I am going to monitor the machines and see if they end up back in a state with the transaction error messages. I will check whether or not the start/stop/move commands still work under that condition if it manifests again.

freeekanayaka · January 14, 2020, 10:14pm

Ok, if they cluster keeps working, it might just be a glitch. I’ll give you a SQL command to fix the database column and that should be it.

amcduffee · January 14, 2020, 11:04pm

Sure, but I am going to hold off on running the SQL for a few days because I am more concerned that this might be a chronic issue. An aesthetic bug in the cluster list table doesn’t matter for me as much as the possibility that the cluster might be getting into a state that could have other issues.

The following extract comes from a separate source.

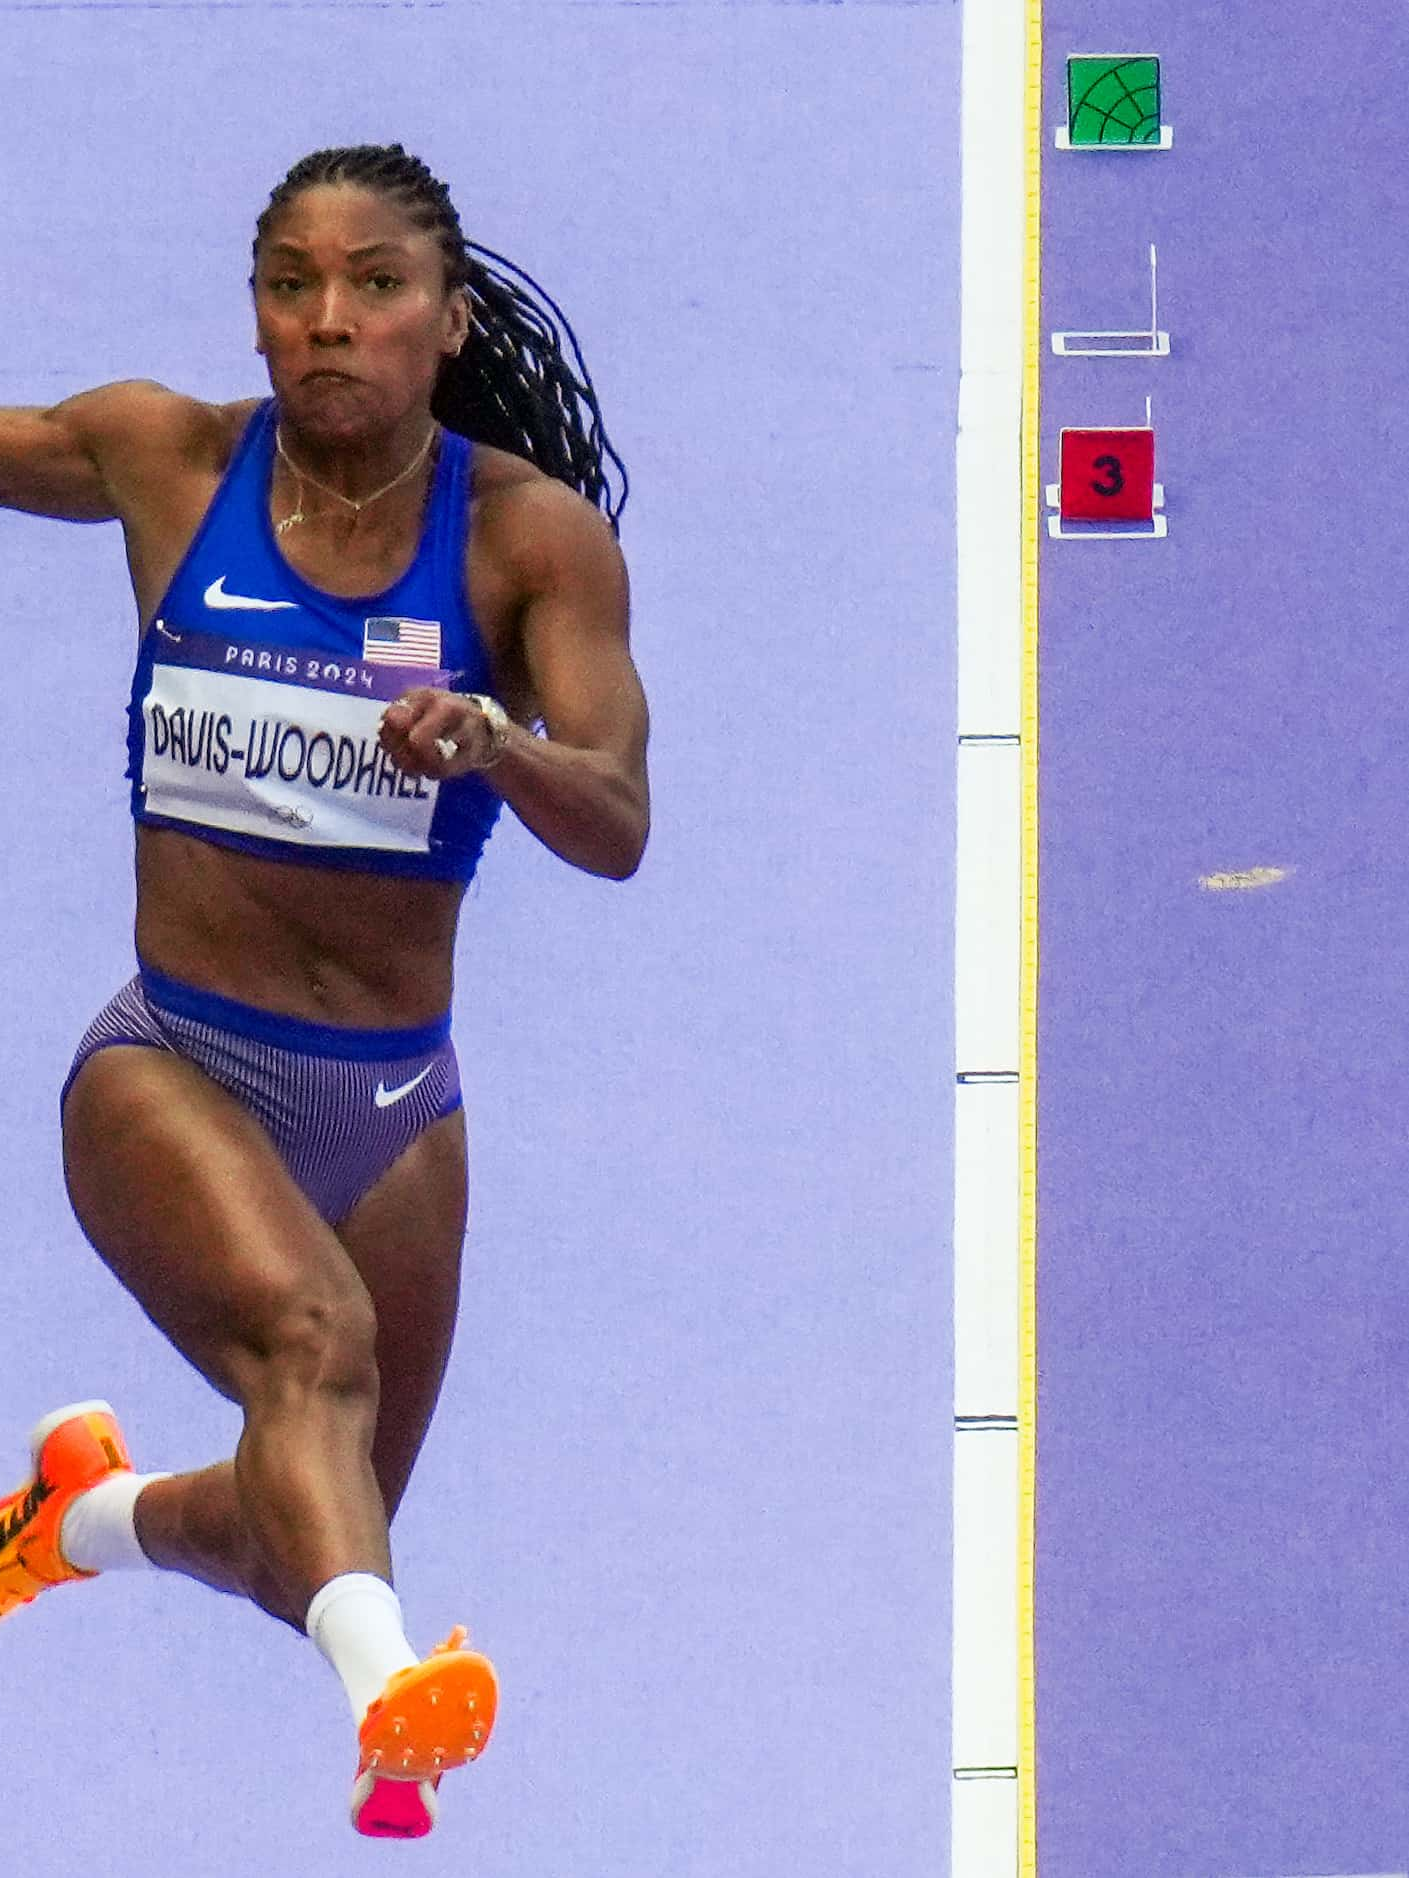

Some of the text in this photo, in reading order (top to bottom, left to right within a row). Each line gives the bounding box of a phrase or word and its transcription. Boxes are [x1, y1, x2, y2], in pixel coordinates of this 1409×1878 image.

[1092, 455, 1124, 497] 3
[225, 645, 374, 690] PARIS 2024

All three machines show the same output as seen below:

$ lxd sql global “SELECT * FROM nodes_roles;”
±--------±-----+
| node_id | role |
±--------±-----+
±--------±-----+

amcduffee · January 17, 2020, 7:01pm

I just checked the machines again and the problem has not reappeared. Possibly it is a one time quirk after rebooting the cluster.

What is the SQL command for fixing the ‘lxc cluster list’ table showing database NO?

freeekanayaka · January 18, 2020, 9:11am

Assuming that:

lxd sql local "SELECT * FROM raft_nodes"

returns you exactly the three nodes part of your cluster, then the fix is:

lxd sql global "INSERT INTO nodes_roles (node_id, role) SELECT id, 0 FROM nodes"

amcduffee · January 20, 2020, 8:52pm

That fixed the output of cluster list. Thanks.